Use a specific set of realistic tasks for performance tuning and considerations – They vary greatly in scaling parameters!
Keep the bulk of the processing consolidated into a small number of tightly nested loops. This results in simpler code and faster execution. I saw a significant increase in performance when I implemented batch calculations; I really only did this so I could implement a sparsity meta layer, but it was a large and welcome side-effect. 0.25 million function call boundaries each second can add up!
Similar to #4, consolidating multidimensional rectangular arrays into a single schema-aware class backed by a single array can make a big difference in performance by easing load on the memory management system.
Design for cross-cutting concerns (such as diagnostic logging) before polluting your component library with low-value code. An aspect oriented programming model for these components could be a great feature for a library like this. I have addressed some of these use cases via encapsulation and “utility” layer types.
Keep the learning algorithm pure – implement the specifics of a network purely in the differentiable gradient descent component network. Things like sparsity constraints, regularization, etc can be implemented as adjustments to the fitness function being optimized in preference to adjustments to the learning procedure. This library is currently sufficient with a basic adaptive-rate gradient-descent loop.
Less is more – I have removed a lot of experimental code from this project. Not because all the experiments failed, they just don’t belong as a part of the core release. Removing the nonessential leaves us with a common basis of code that can be easily understood and used for a variety of experiments.
How you implement the wiring together of components to form a network is very important to think about. Is it a simple sequence? A directed acyclic graph? Recurrent? How should the user code look? Consider the capabilities of this structure versus its complexity, and consider how the language api will look when it is used to build nontrivial networks. This interface is the primary component of the “feel” of the overall library.
Another key problem is tracking the metadata/schema describing the format of number arrays used as inputs/outputs. Ideally these constraints could all be enforced by the type system. They should be enforced as early as possible, since mismatches can lead to strange and rarely useful behaviors which can be hard to diagnose. Examples of this metadata include:
1. multidimensional array dimensions for convolutional processing
2. expected bounds for values; e.g. entropy loss layers give non-finite results for negative inputs
3. normalization: An easy way to get positive results from an entropic loss layer is to input all 1’s and ignore the requirement the input values sum to 1.

Architecture

I will survey – quickly – the overall architecture and components of this library to give a feel of the of the scope, both in breadth and volume. I’ve tried to keep this library to the essentials, but even still this overview feels pretty verbose. This was one surprising thing to me about this project – how many parts there are in the minimal viable product.

Basic Utility Classes

First, there are some core data structures and interfaces we will use throughout the project:

NNLayer – Defines the basic contract for a neural network component. Fundamentally, it has to be capable of computing a function and its gradient. The ability to encapsulate and combine these layers is also important, as is performance, so these are all considerations for this contract.
NNResult – This class encapsulates a (feed-forward) result along with an implementation method to compute the gradient on demand, i.e. trigger backpropagation
NDArray – Encapsulates a single array of doubles along with multidimensional schema information so it can be treated efficiently as an N-dimensional rectangular array.
Misc utility methods and data classes – Nothing too special

Testing Infrastructure

The machine learning space is a great example of the importance of Test Driven Development. Since you are building a machine out of components which are designed to adapt to whatever context to achieve a target result, you can easily have one severely broken component in the middle of your AI program which is so compensated for by other components that the overall system is broken in a minor and often hard to debug way! Thus it is important to test each component and composite in isolation and verify the expected behaviors as closely as possible.
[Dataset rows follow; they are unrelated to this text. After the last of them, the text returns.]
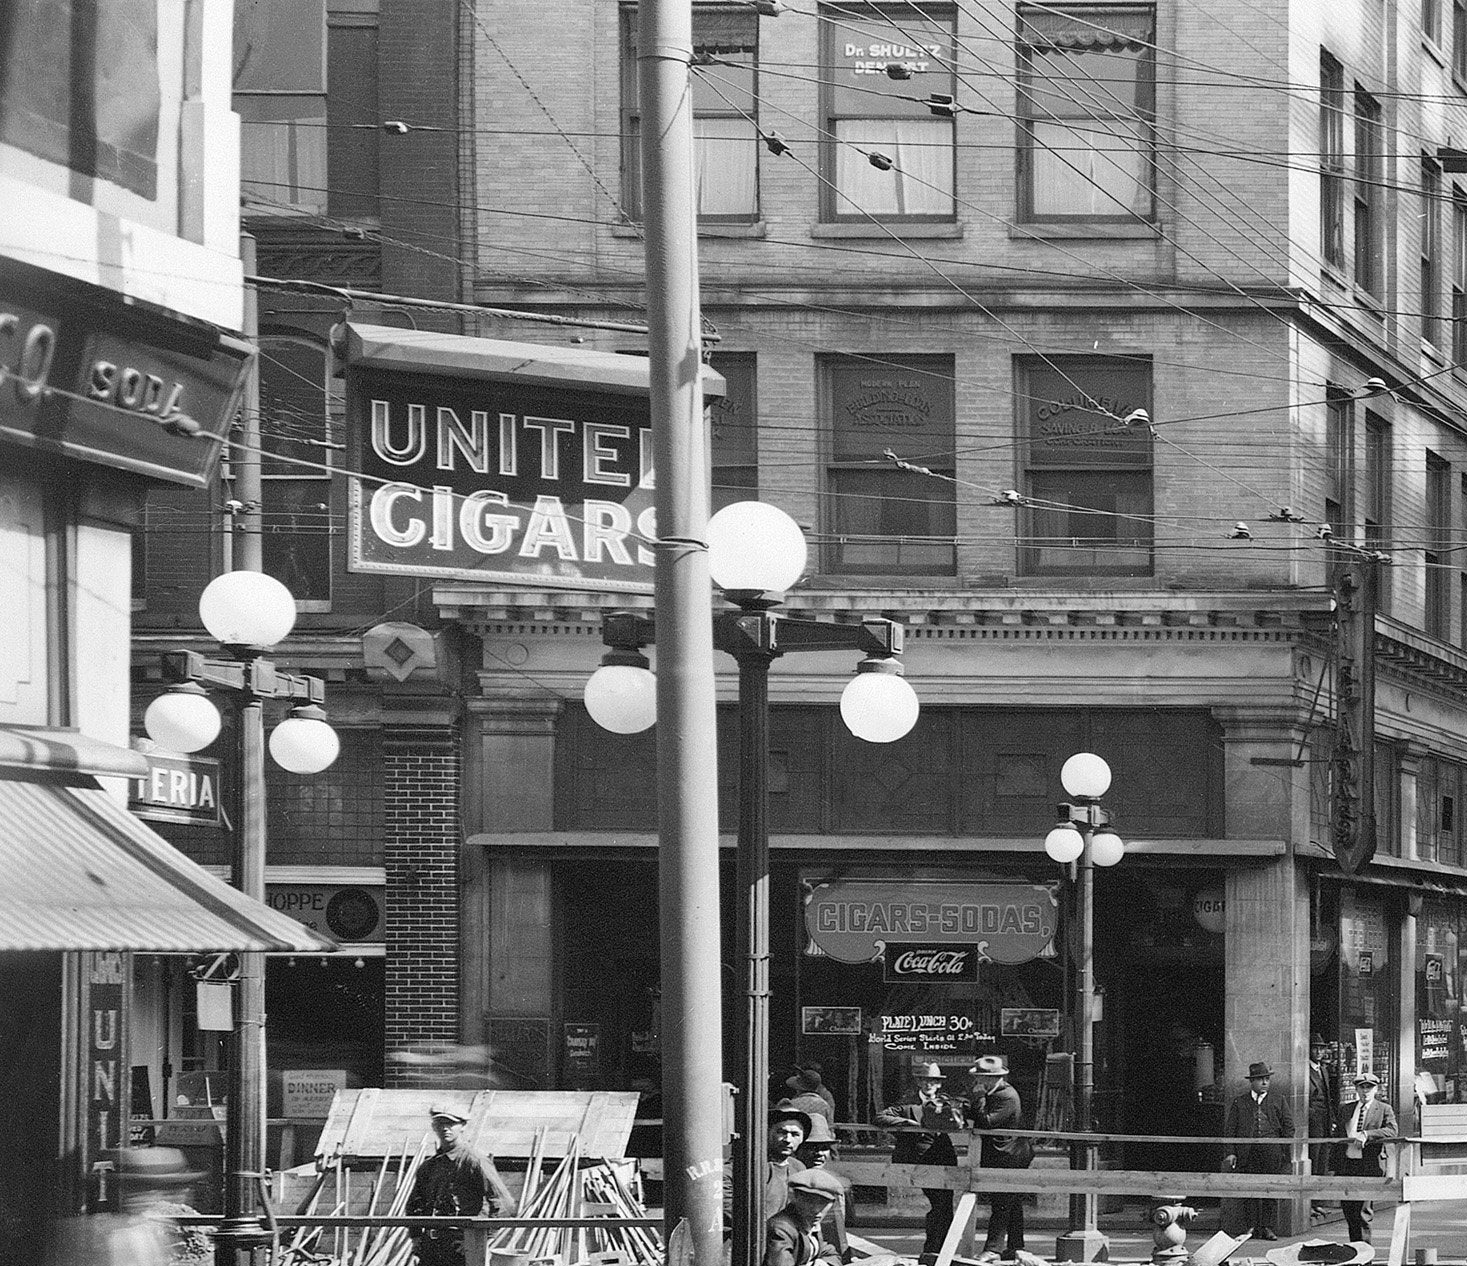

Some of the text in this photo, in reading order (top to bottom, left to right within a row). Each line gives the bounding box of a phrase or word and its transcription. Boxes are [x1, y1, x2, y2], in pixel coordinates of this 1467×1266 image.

[869, 44, 941, 58] SHULTZ
[92, 361, 184, 418] SODA
[881, 1015, 912, 1032] PLATE
[911, 1015, 946, 1032] LUNCH
[287, 1082, 336, 1095] DINNER
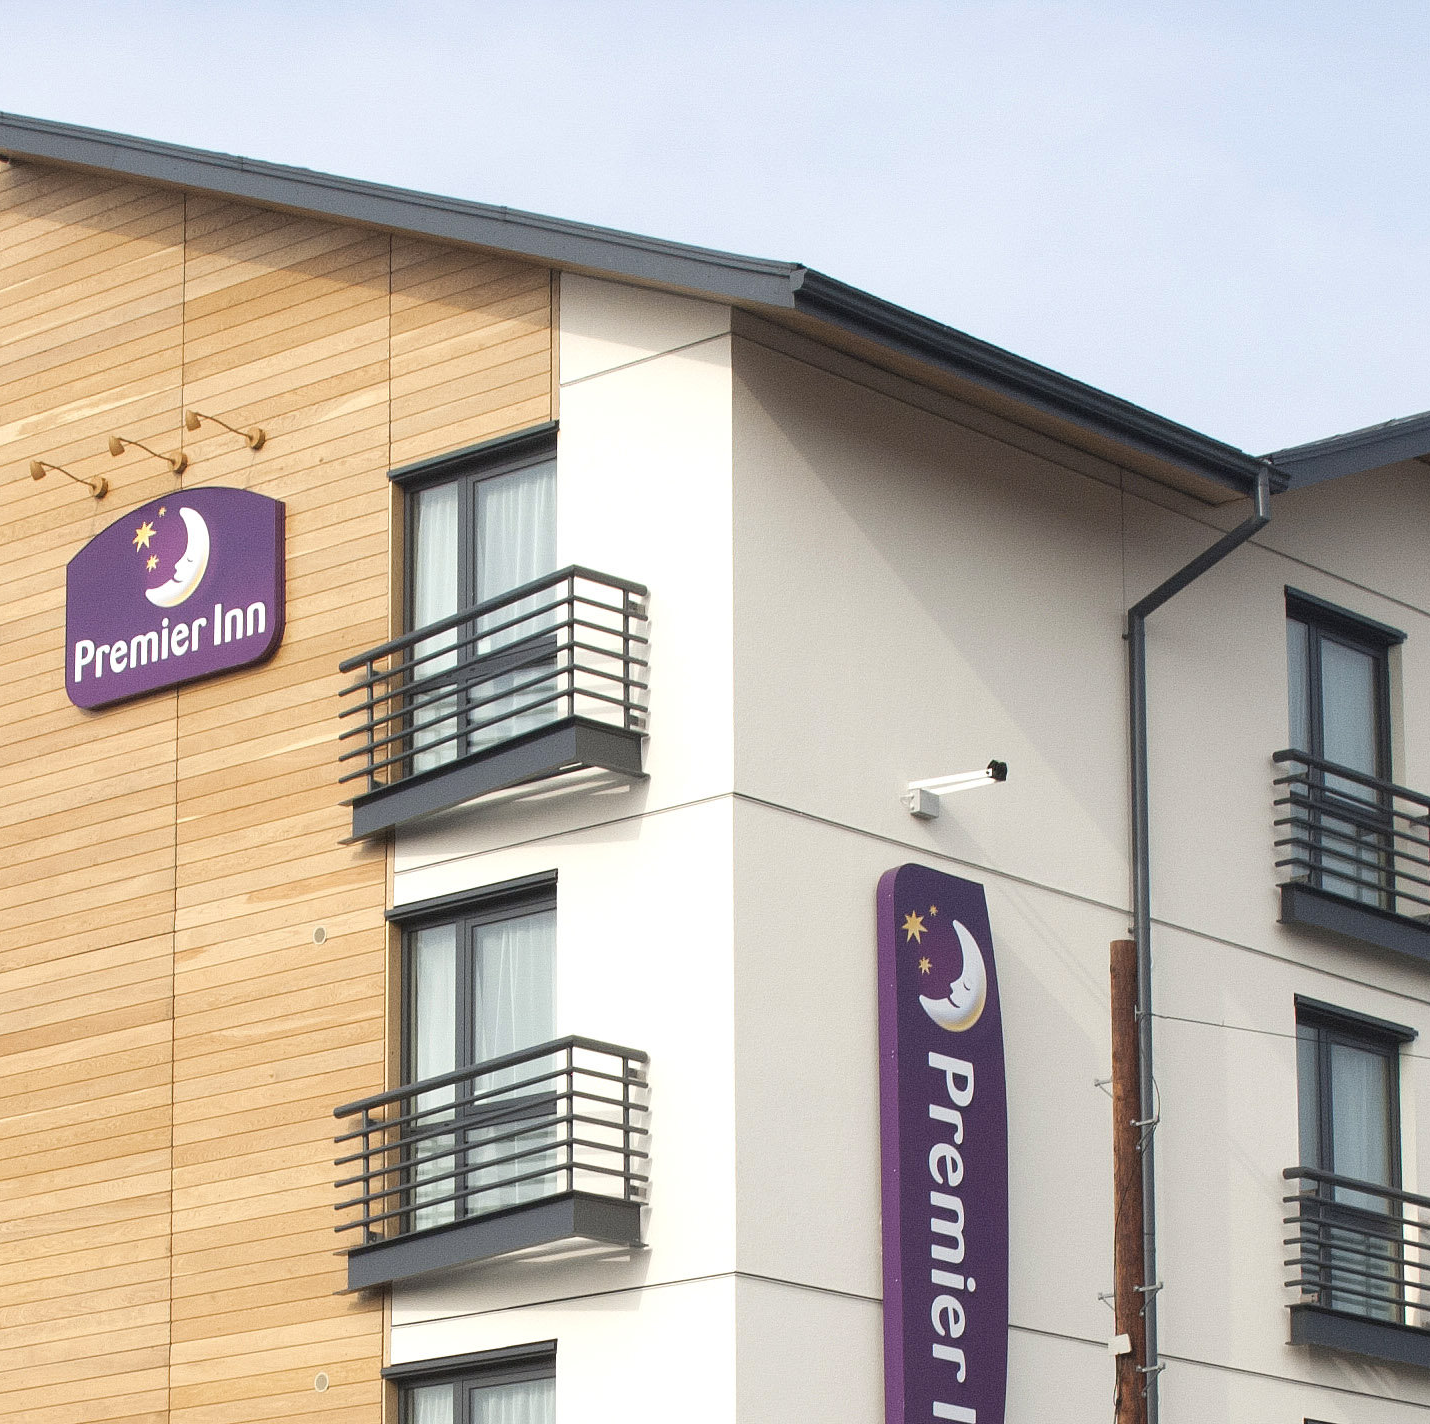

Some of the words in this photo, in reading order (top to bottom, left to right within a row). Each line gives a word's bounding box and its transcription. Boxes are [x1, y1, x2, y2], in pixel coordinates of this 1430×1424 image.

Gradient Checking Unit Tests – The first class of tests for neural network components evaluates prototype inputs and uses finite difference methods to verify the results of gradient evaluations. Do not develop or use components without at least this level of verification! These can also be extended to perform scaling and performance tests.
Simple Network Tests – Once components are verified, one needs to test them at a slightly more complex level where they learn trivial problems. Often this takes the form of a single bias layer allowing the inputs to be converged to an expected output. A library of very simple network layouts and very simple test problems is provided for regression testing.
Misc unit tests – A variety of unit tests are also needed for more specific components, such as unit tests for the Aparapi / OpenCL kernels.
High level tests – More complex networks and training problems are packaged as junit tests in this project – I find it to be a convenient execution harness. Results are discussed in the last section.

ComponentLibrary

The component library is the meat of this project and I will only give a very brief survey. Architecturally, it is important that the components support the NNLayer contract and does not leak other implementation details to other components.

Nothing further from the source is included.